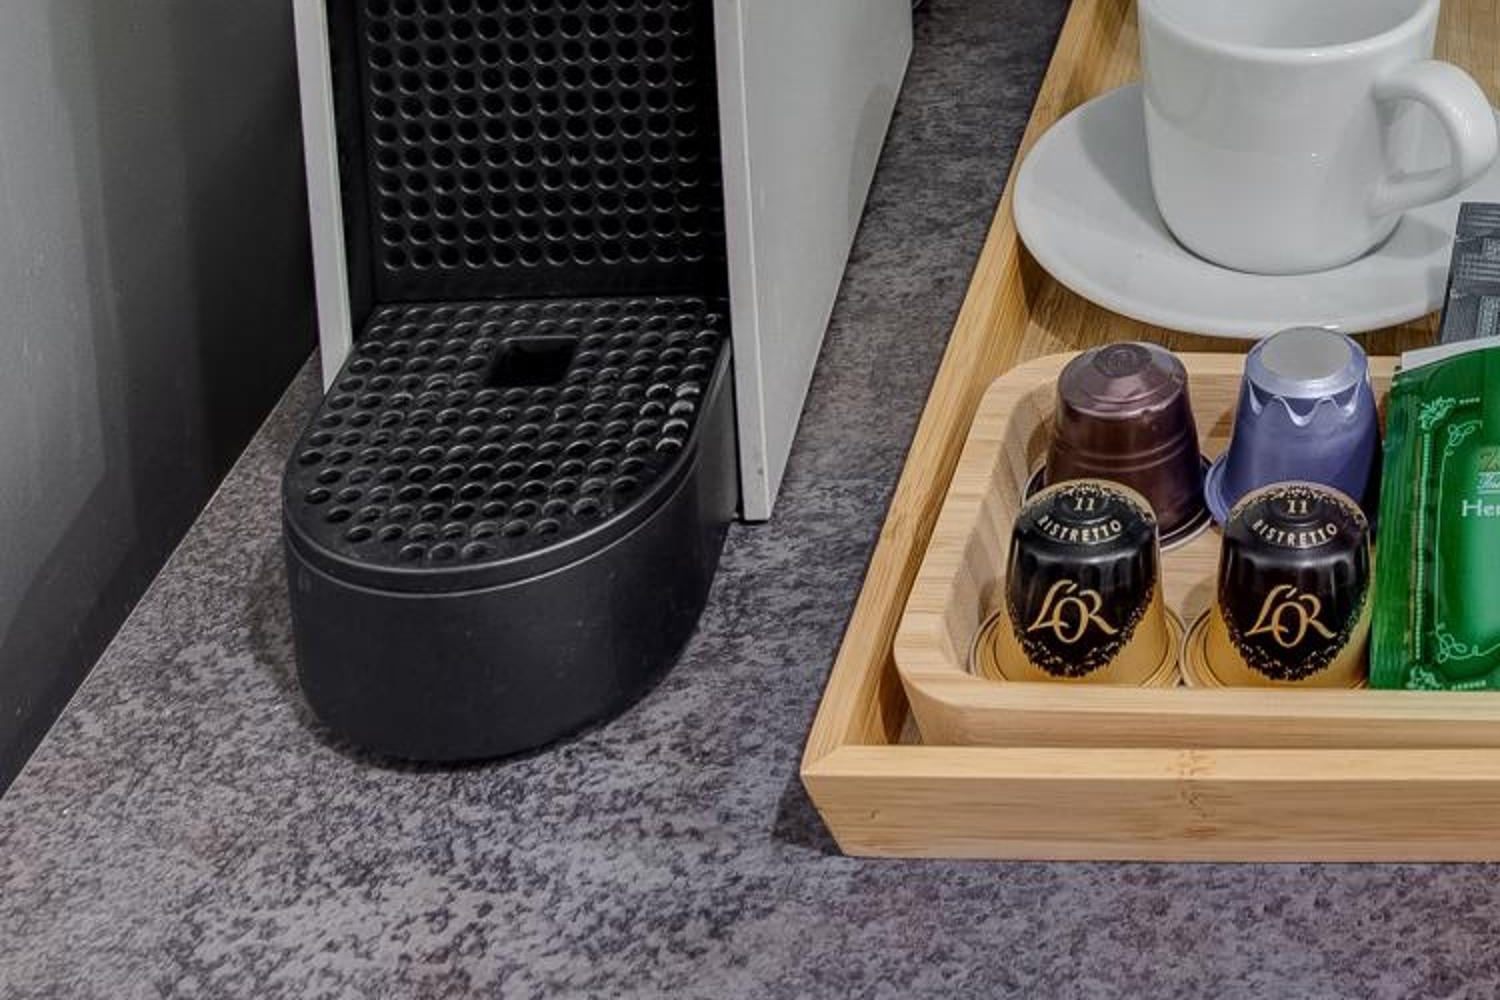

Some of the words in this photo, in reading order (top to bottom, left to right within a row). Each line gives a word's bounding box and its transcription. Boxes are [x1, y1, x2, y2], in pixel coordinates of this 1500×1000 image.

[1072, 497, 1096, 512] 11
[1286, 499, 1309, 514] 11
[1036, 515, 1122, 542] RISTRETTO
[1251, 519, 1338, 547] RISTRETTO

● Activity: Go through the data above and transcribe it in full, omitting any image.

● Written response:
Some of the words in this photo, in reading order (top to bottom, left to right within a row). Each line gives a word's bounding box and its transcription. Boxes are [x1, y1, x2, y2], in pixel coordinates of this 1500×1000 image.

[1072, 497, 1096, 512] 11
[1286, 499, 1309, 514] 11
[1036, 515, 1122, 542] RISTRETTO
[1251, 519, 1338, 547] RISTRETTO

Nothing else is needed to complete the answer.